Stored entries
'''

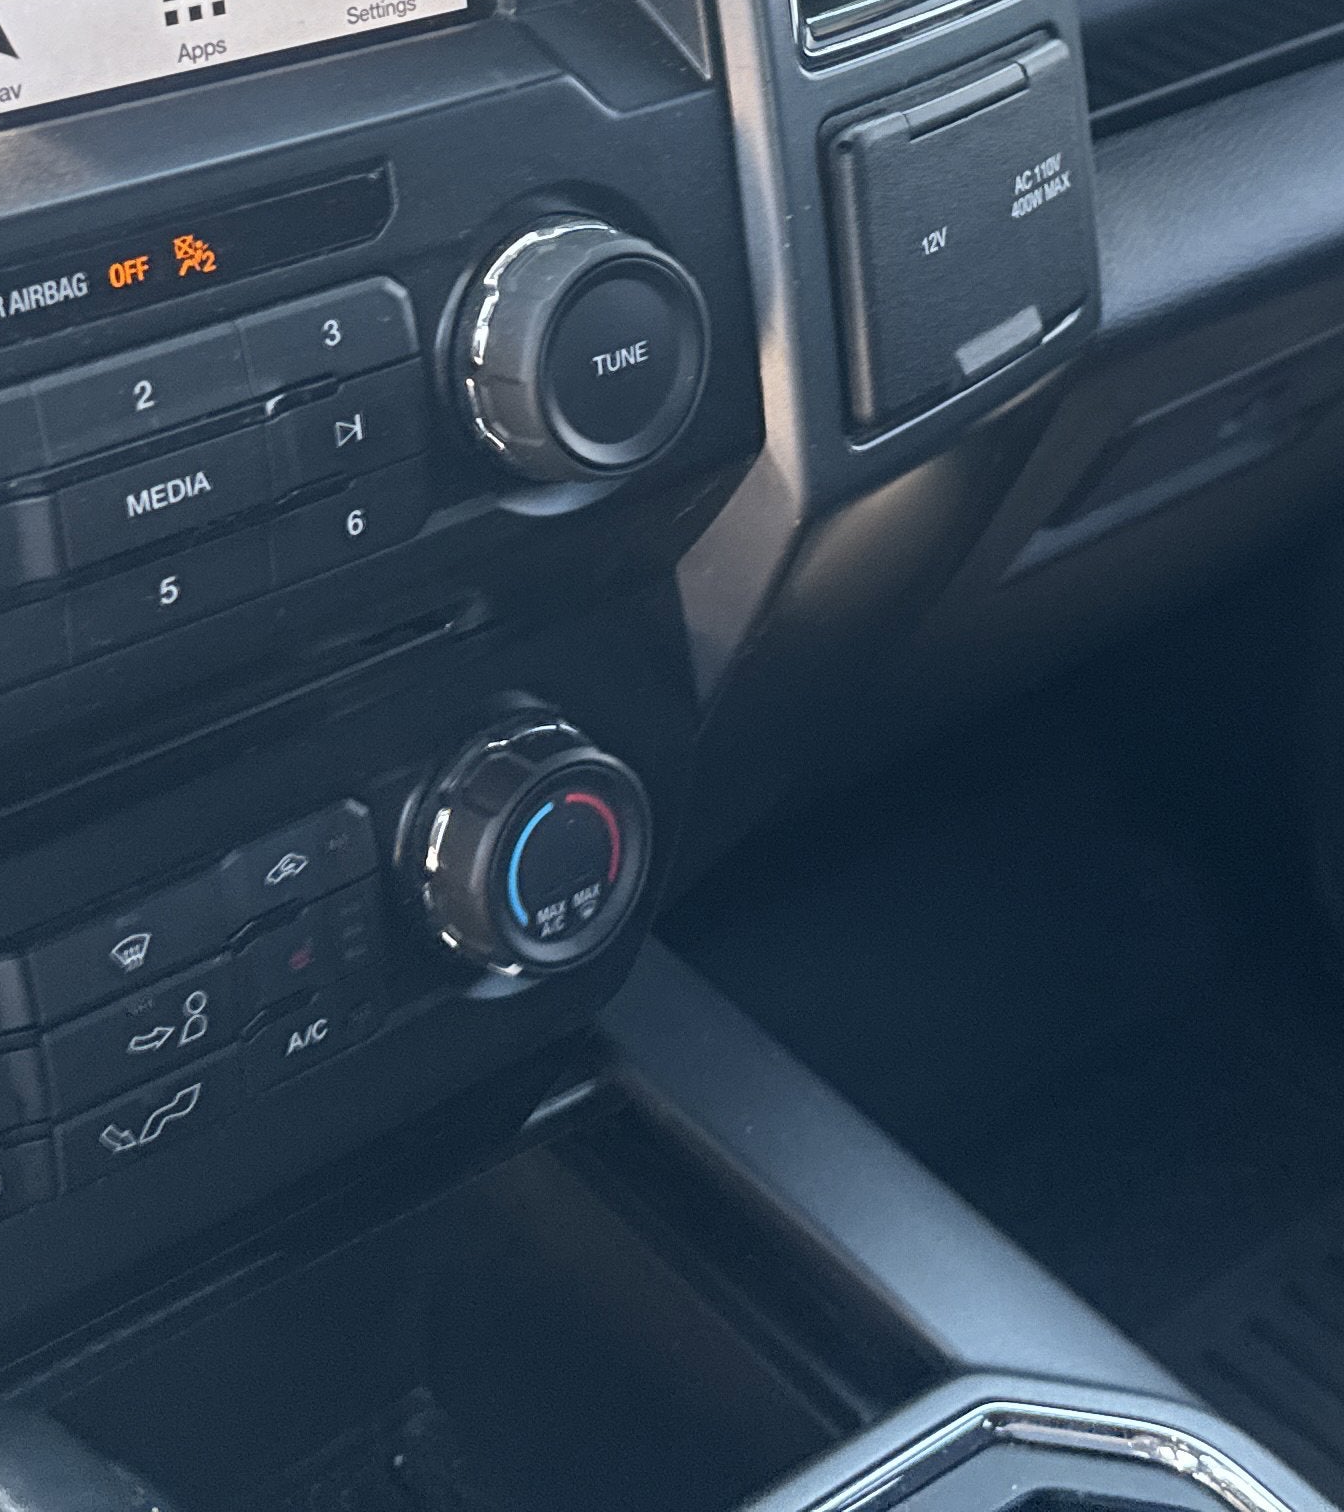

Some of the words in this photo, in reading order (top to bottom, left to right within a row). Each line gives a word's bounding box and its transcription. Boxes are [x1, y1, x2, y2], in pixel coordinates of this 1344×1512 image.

[178, 38, 228, 66] Apps
[1014, 170, 1033, 196] AC
[1033, 152, 1062, 183] 110V
[1043, 169, 1071, 201] MAX
[921, 226, 947, 255] 12V
[8, 272, 89, 316] AIRBAG
[108, 255, 149, 288] OFF
[323, 319, 342, 347] 3
[592, 340, 648, 376] TUNE
[133, 380, 155, 411] 2
[126, 471, 212, 517] MEDIA
[346, 509, 364, 536] 6
[160, 576, 179, 605] 5
[573, 883, 600, 907] MAX
[536, 900, 566, 925] MAX
[286, 1018, 328, 1056] A/C

'''

With the pictures removed, please retype each record exactly.

• _Solution_:
Some of the words in this photo, in reading order (top to bottom, left to right within a row). Each line gives a word's bounding box and its transcription. Boxes are [x1, y1, x2, y2], in pixel coordinates of this 1344×1512 image.

[178, 38, 228, 66] Apps
[1014, 170, 1033, 196] AC
[1033, 152, 1062, 183] 110V
[1043, 169, 1071, 201] MAX
[921, 226, 947, 255] 12V
[8, 272, 89, 316] AIRBAG
[108, 255, 149, 288] OFF
[323, 319, 342, 347] 3
[592, 340, 648, 376] TUNE
[133, 380, 155, 411] 2
[126, 471, 212, 517] MEDIA
[346, 509, 364, 536] 6
[160, 576, 179, 605] 5
[573, 883, 600, 907] MAX
[536, 900, 566, 925] MAX
[286, 1018, 328, 1056] A/C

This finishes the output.